I would suggest a couple of papers especially in that region after a natural hazard:

-Rachunok, B., & Nateghi, R. (2020). The sensitivity of electric power infrastructure resilience to the spatial distribution of disaster impacts. Reliability Engineering & System Safety193, 106658.
- Moradi, S., Vasandani, V., Student, B. S., & Nejat, A. (2019). A review of resilience variables in the context of disasters.
Journal of emergency management17(5), 403-432.
- Rouhanizadeh, B., Kermanshachi, S., & Dhamangaonkar, V. S. (2020, March). Reconstruction of critical and interdependent infrastructure due to catastrophic natural disasters: lessons learned. In Construction Research Congress 2020 (pp. 895-904). Reston, VA: American Society of Civil Engineers.
Nazarnia, H., Sarmasti, H., & Wills, W. O. (2020). Application of household disruption data to delineate critical infrastructure resilience characteristics in the aftermath of disaster: A case study of Bhaktapur, Nepal. Safety science121, 573-579.
- Chester, M., El Asmar, M., Hayes, S., & Desha, C. (2021). Post-disaster infrastructure delivery for resilience. Sustainability13(6), 3458.

Figure 3 has some numbers on the map which makes it hard to read. Legend should be sufficient enough. I believe you could use double maps with different scale. The larger scale includes legend, and the one with contours could be drawn larger.
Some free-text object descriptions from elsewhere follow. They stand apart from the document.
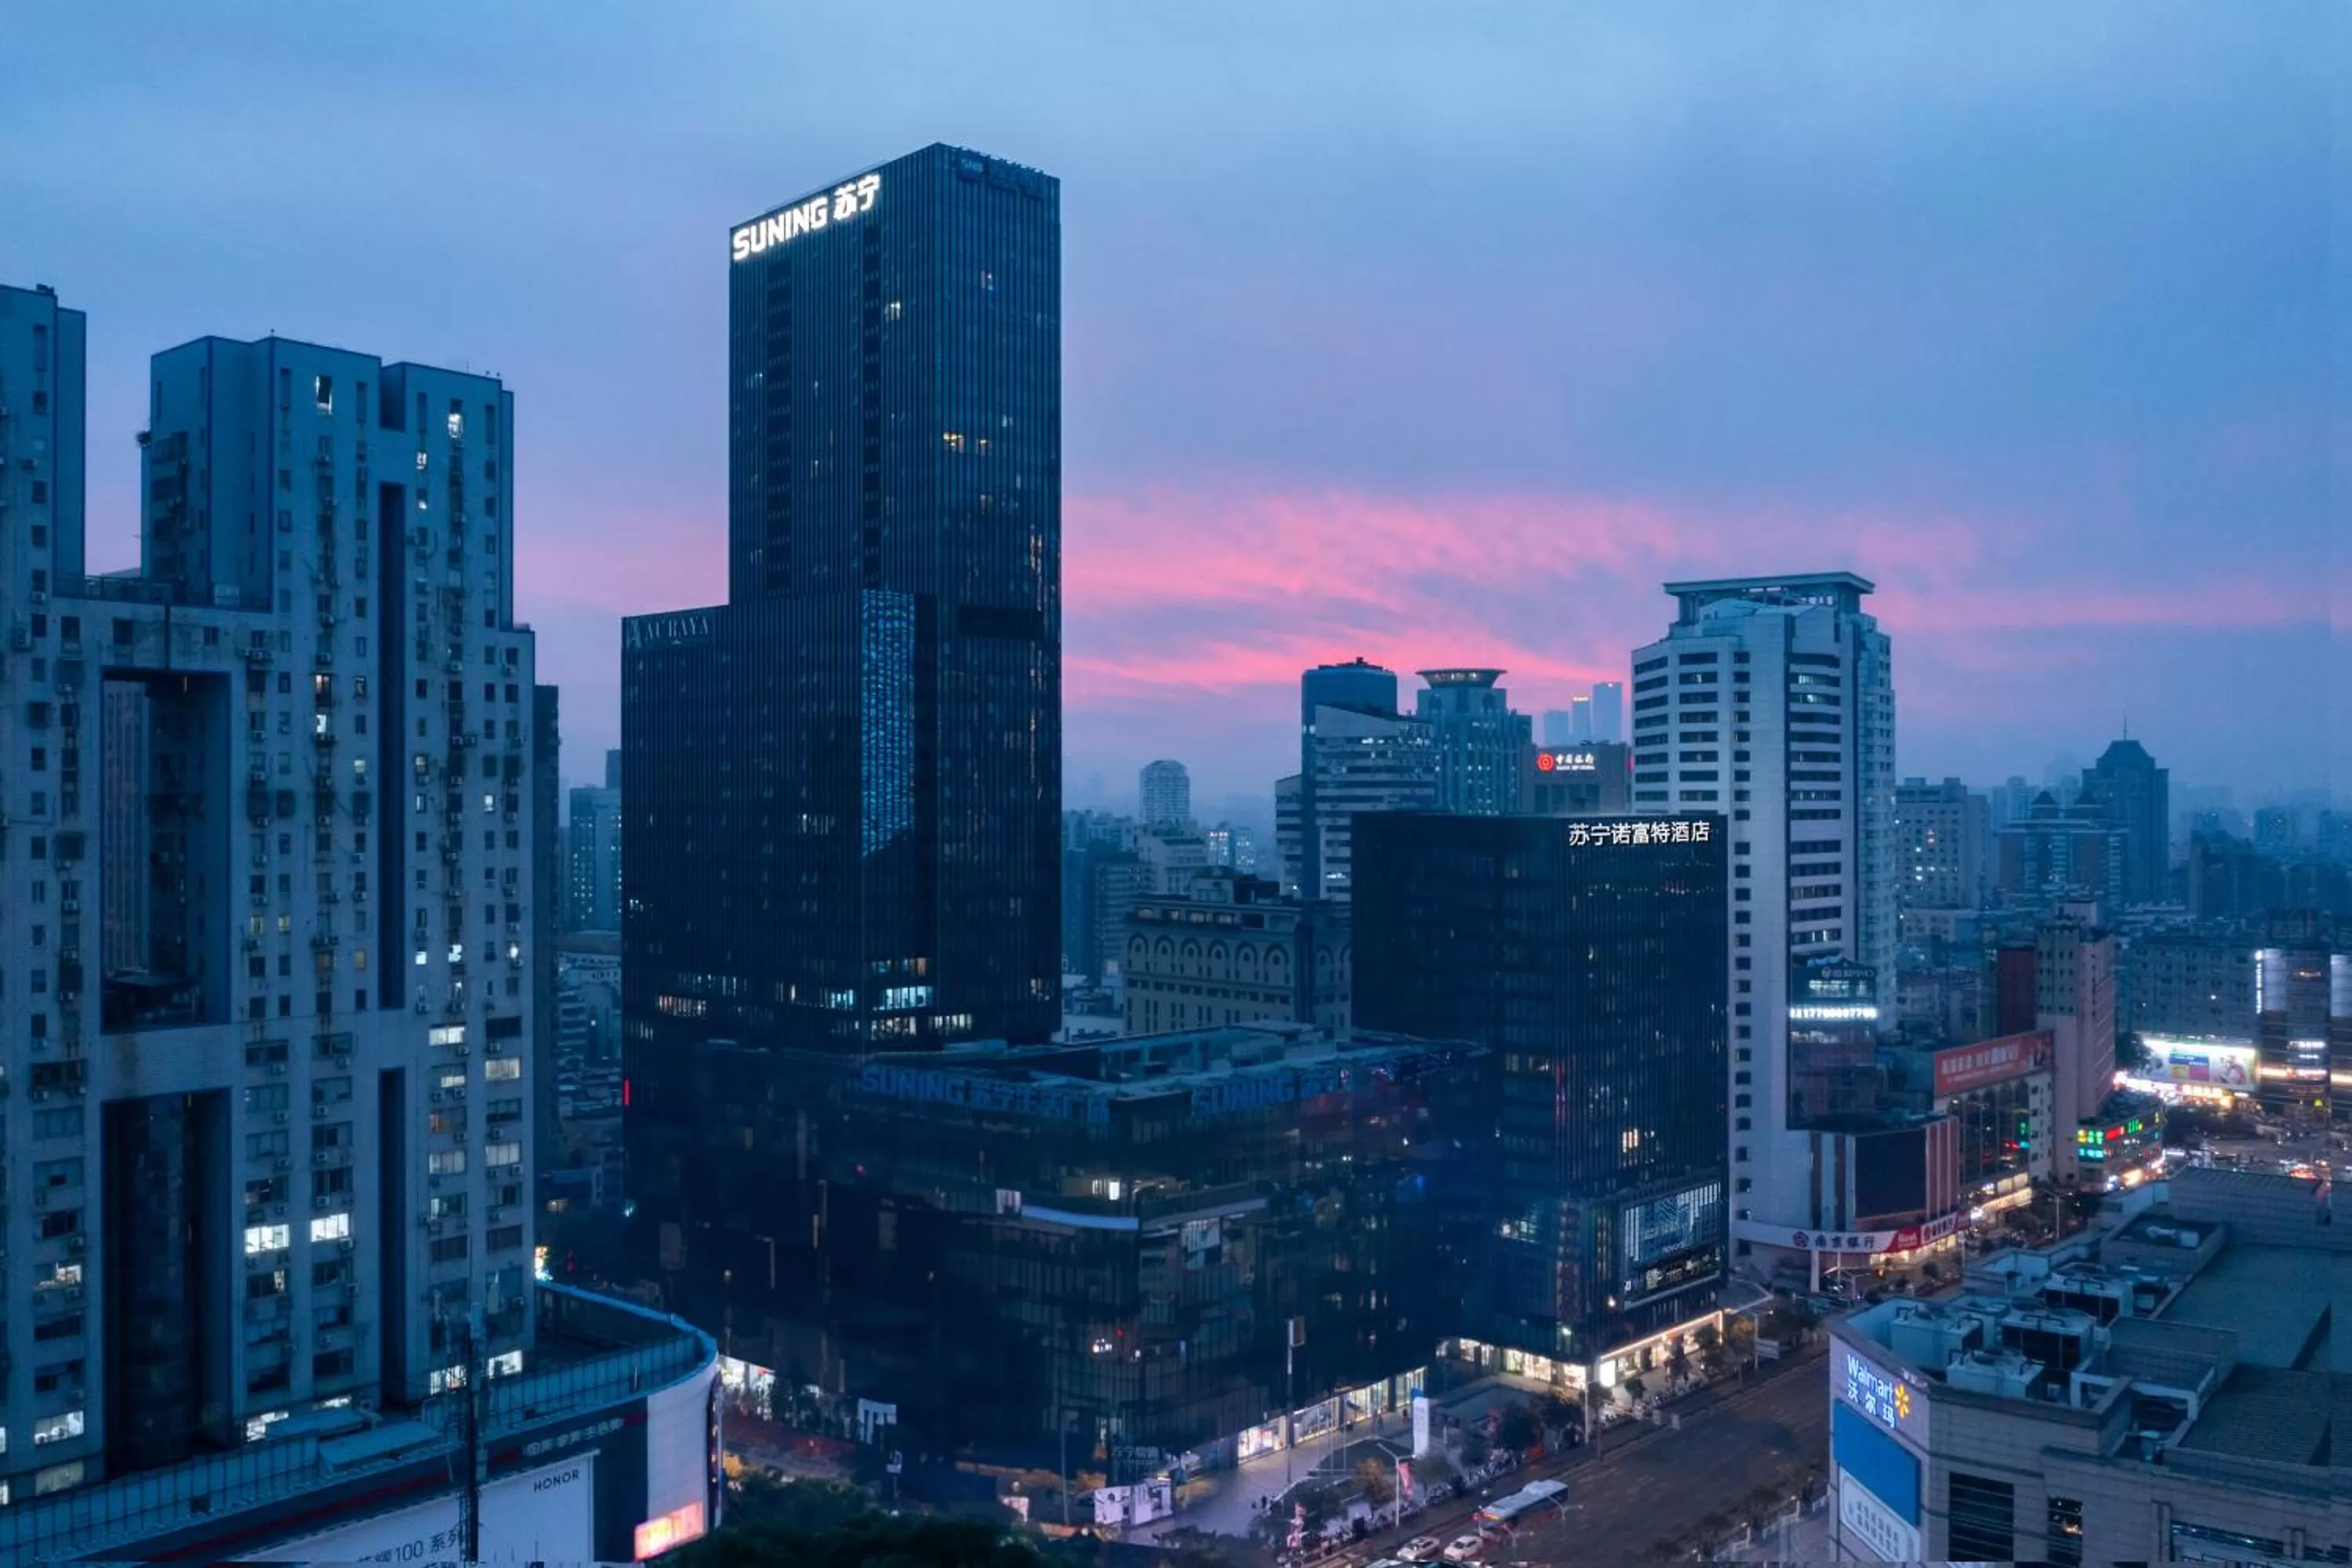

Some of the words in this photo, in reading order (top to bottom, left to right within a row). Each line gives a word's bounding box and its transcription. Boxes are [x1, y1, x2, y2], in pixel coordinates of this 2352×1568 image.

[733, 197, 828, 260] SUNING
[833, 173, 880, 220] 苏宁
[1555, 753, 1595, 765] 中国银行
[1569, 820, 1710, 846] 苏宁诺富特酒店
[861, 1065, 964, 1103] SUNING
[1814, 1234, 1876, 1249] 南京银行
[1847, 1354, 1894, 1405] Walmart
[1847, 1377, 1895, 1429] 沃尔玛
[533, 1468, 580, 1493] HONOR
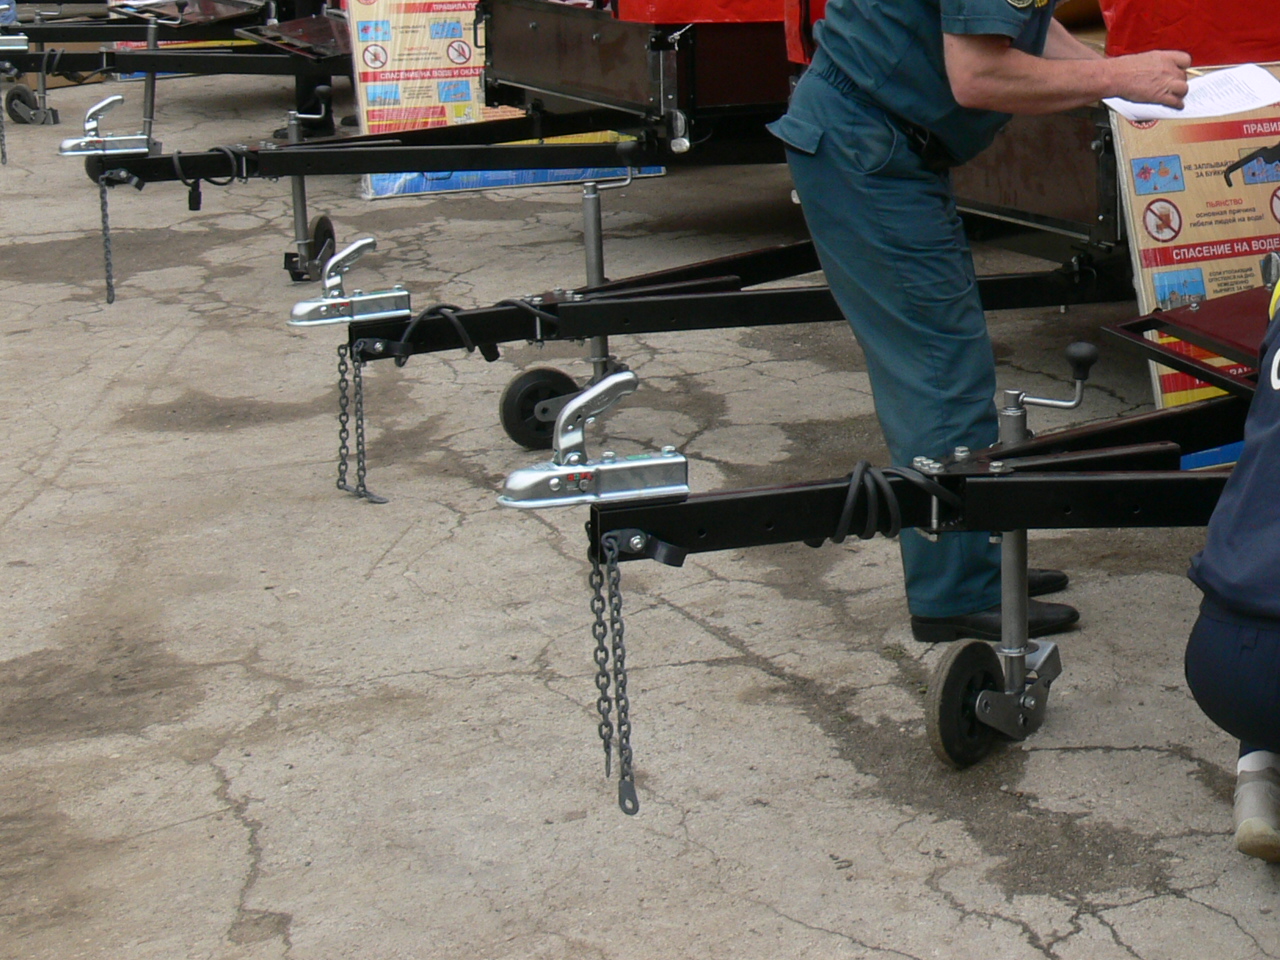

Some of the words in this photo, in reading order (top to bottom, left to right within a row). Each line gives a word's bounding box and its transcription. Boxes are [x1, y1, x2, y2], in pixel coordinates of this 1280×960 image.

Table 2 is too crowded and couldn't convey its message. Maybe adding some info on a tagged map would improve.

Figure 1 and 2 could be redrawn.

Figure 7: legend's hatch is hard to find. Reduce the capacity of the ortho map. it helps to see the hatched areas better.

Thanks for opportunity to review the manuscript.
Good luck

Comments on the Quality of English Language

It needs minor revision.

Author Response

Many thanks for the effort and time devoted to our paper. Please see attached.

Author Response File: Author Response.pdf

Reviewer 3 Report

Comments and Suggestions for Authors

The authors have adequately addressed the reviewer's comments

Author Response

Many thanks for the effort and time devoted to our paper.